WORK INSTRUCTIONS: Please repeat the records beneath this task exactly as they appear, but skip the images.

┌─ EXTRACTED RECORDS

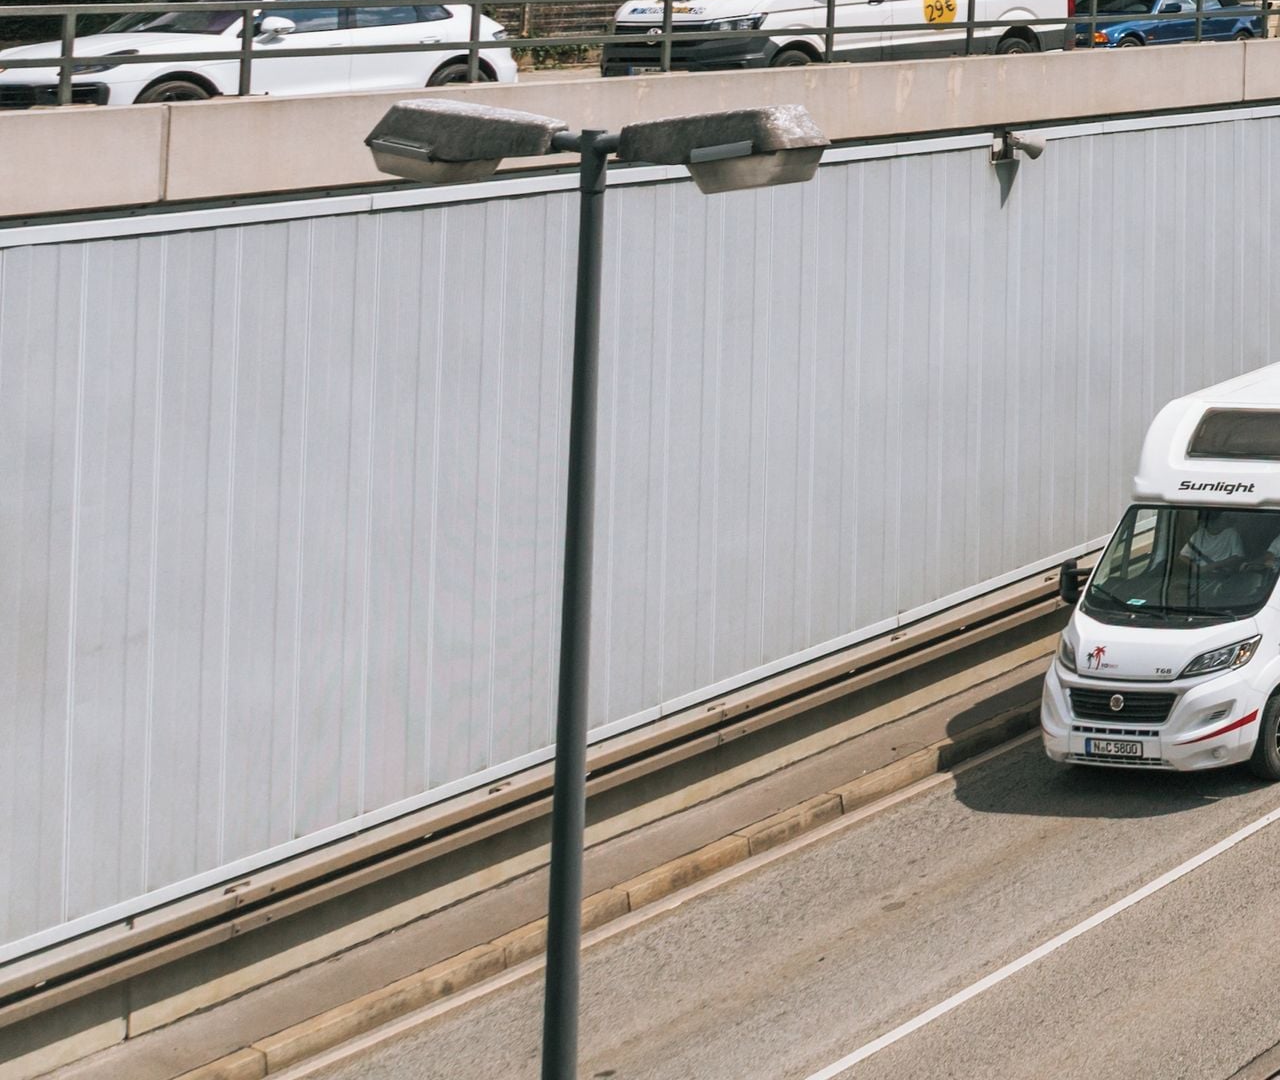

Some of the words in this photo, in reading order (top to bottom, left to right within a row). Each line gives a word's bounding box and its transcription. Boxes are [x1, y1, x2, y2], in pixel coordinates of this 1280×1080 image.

[1178, 480, 1256, 495] Sunlight
[1094, 741, 1100, 752] N
[1113, 743, 1138, 754] 5800
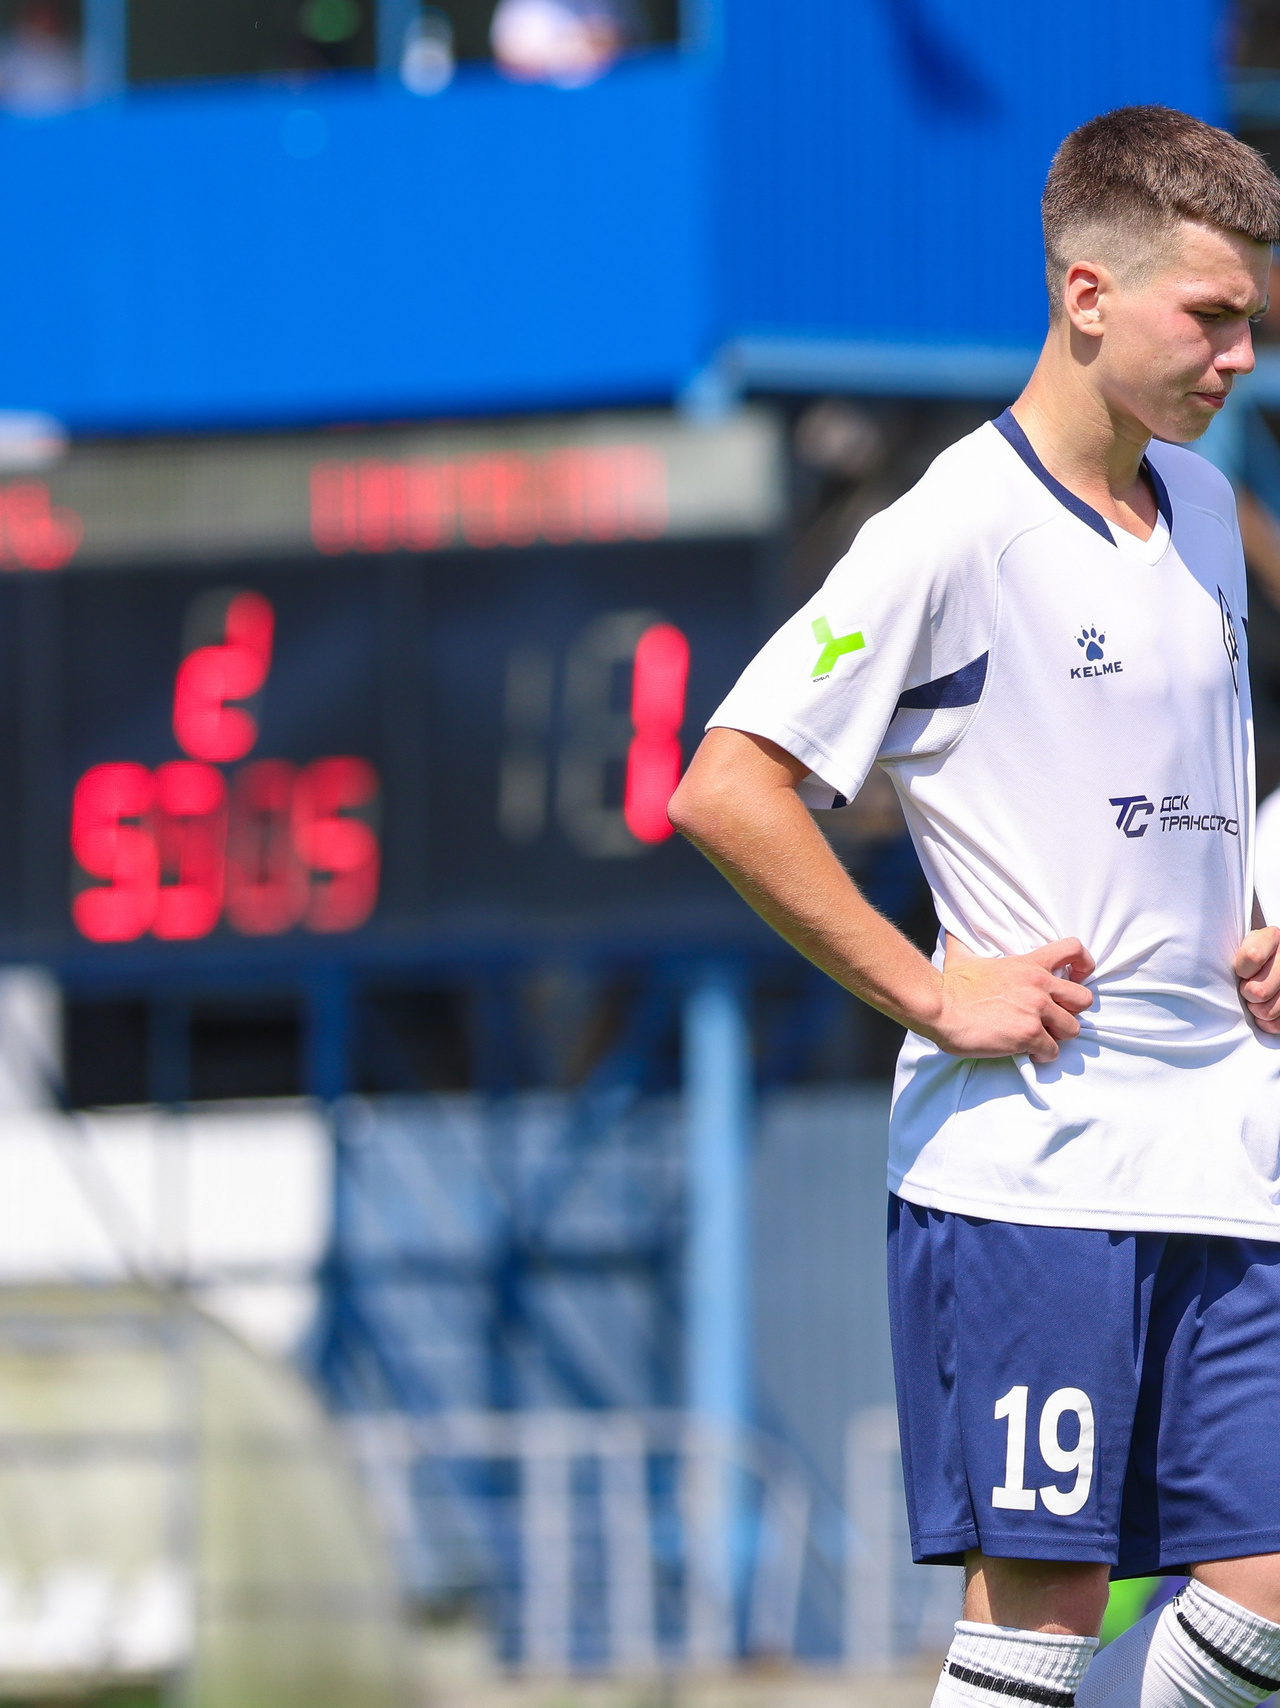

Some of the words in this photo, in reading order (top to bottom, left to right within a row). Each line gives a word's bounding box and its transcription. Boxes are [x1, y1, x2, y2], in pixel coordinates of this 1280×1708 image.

[1070, 661, 1123, 679] KELME
[1160, 794, 1190, 813] ДСК
[991, 1385, 1095, 1516] 19
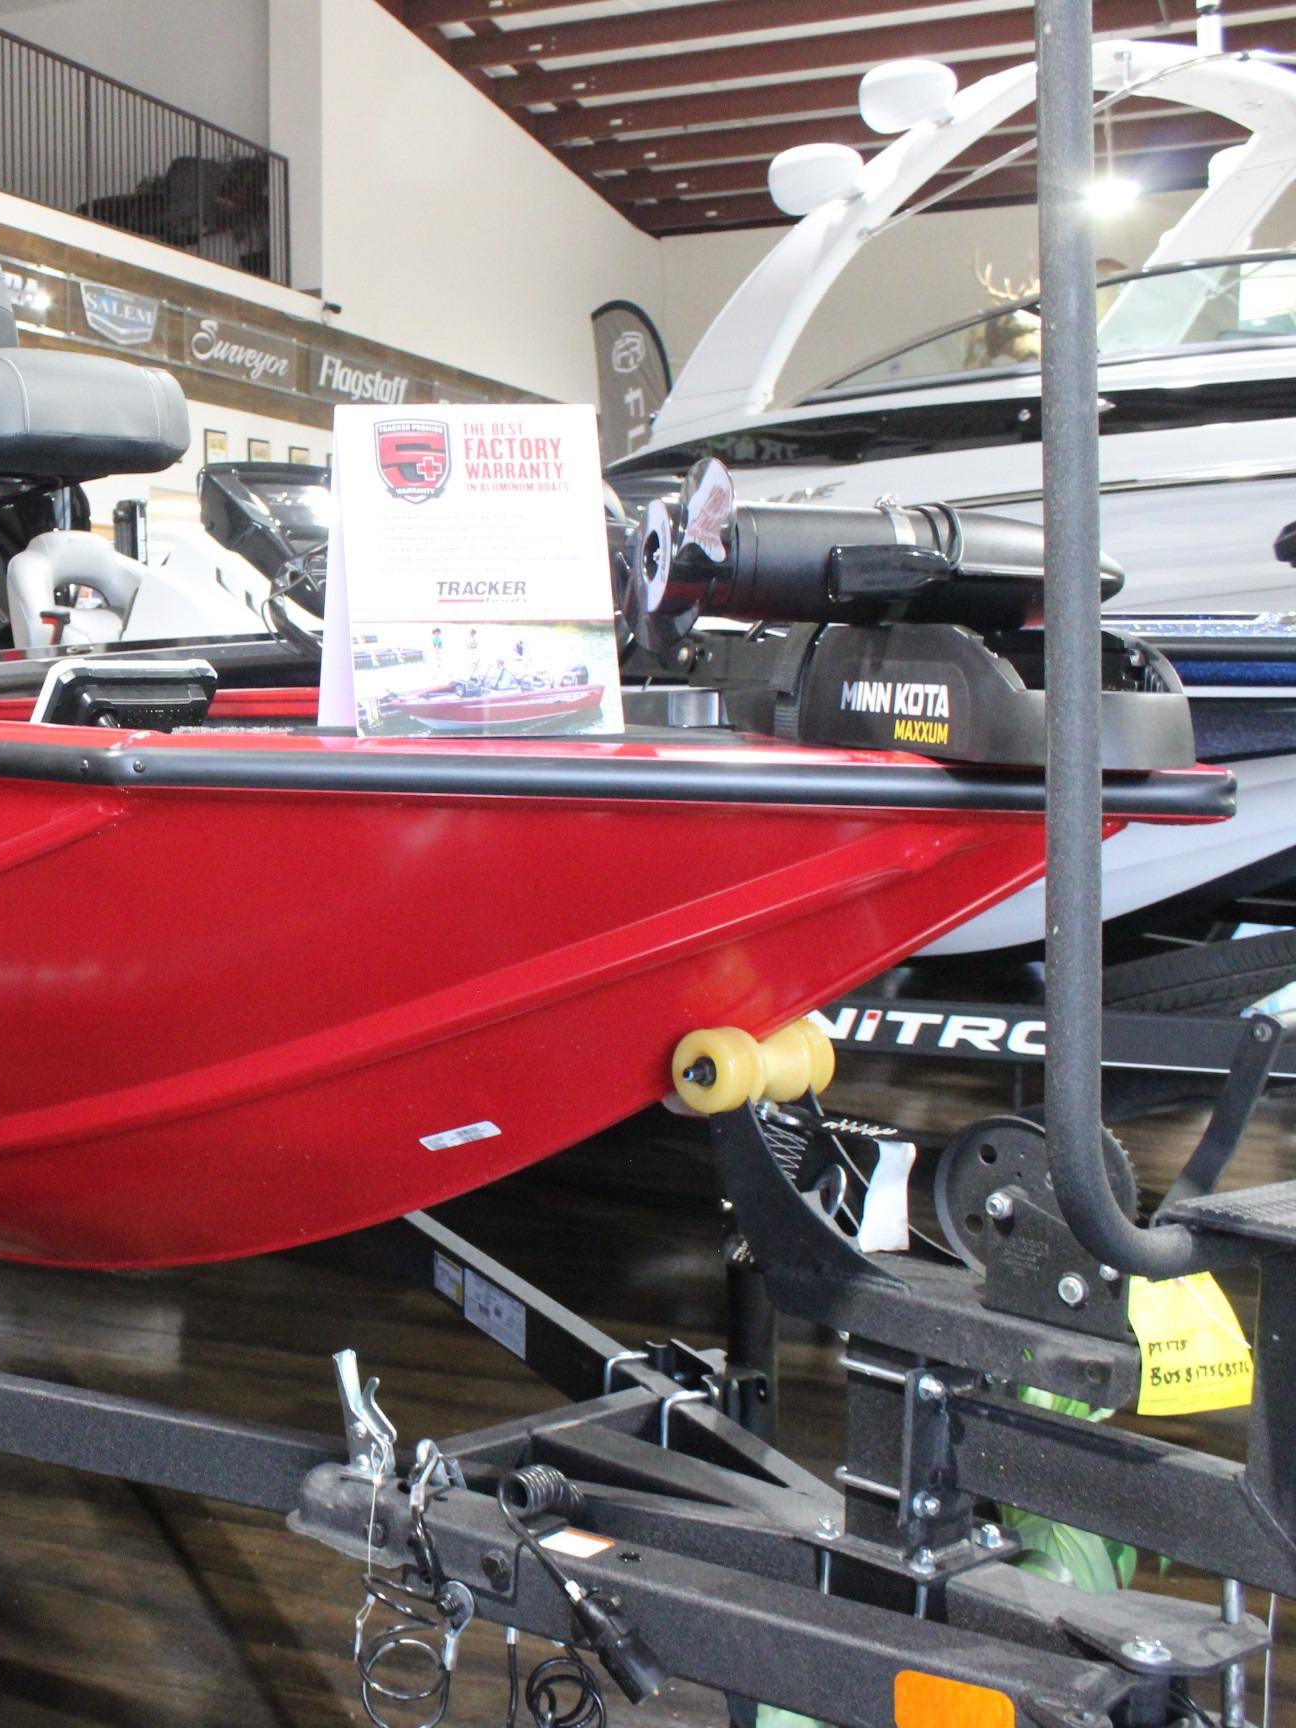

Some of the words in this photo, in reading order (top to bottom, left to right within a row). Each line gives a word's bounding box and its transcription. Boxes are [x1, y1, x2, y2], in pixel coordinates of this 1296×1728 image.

└─

ANSWER TO THIS PROBLEM:
Some of the words in this photo, in reading order (top to bottom, left to right within a row). Each line gives a word's bounding box and its transcription. Boxes are [x1, y1, x2, y2], in pixel coordinates of this 1280×1080 image.

[1178, 480, 1256, 495] Sunlight
[1094, 741, 1100, 752] N
[1113, 743, 1138, 754] 5800

Some of the words in this photo, in reading order (top to bottom, left to right within a row). Each line gives a word's bounding box and its transcription. Boxes are [x1, y1, x2, y2], in pixel coordinates of this 1280×1708 image.

[1070, 661, 1123, 679] KELME
[1160, 794, 1190, 813] ДСК
[991, 1385, 1095, 1516] 19

Some of the words in this photo, in reading order (top to bottom, left to right within a row). Each line gives a word's bounding box and its transcription. Boxes are [x1, y1, x2, y2], in pixel coordinates of this 1296×1728 image.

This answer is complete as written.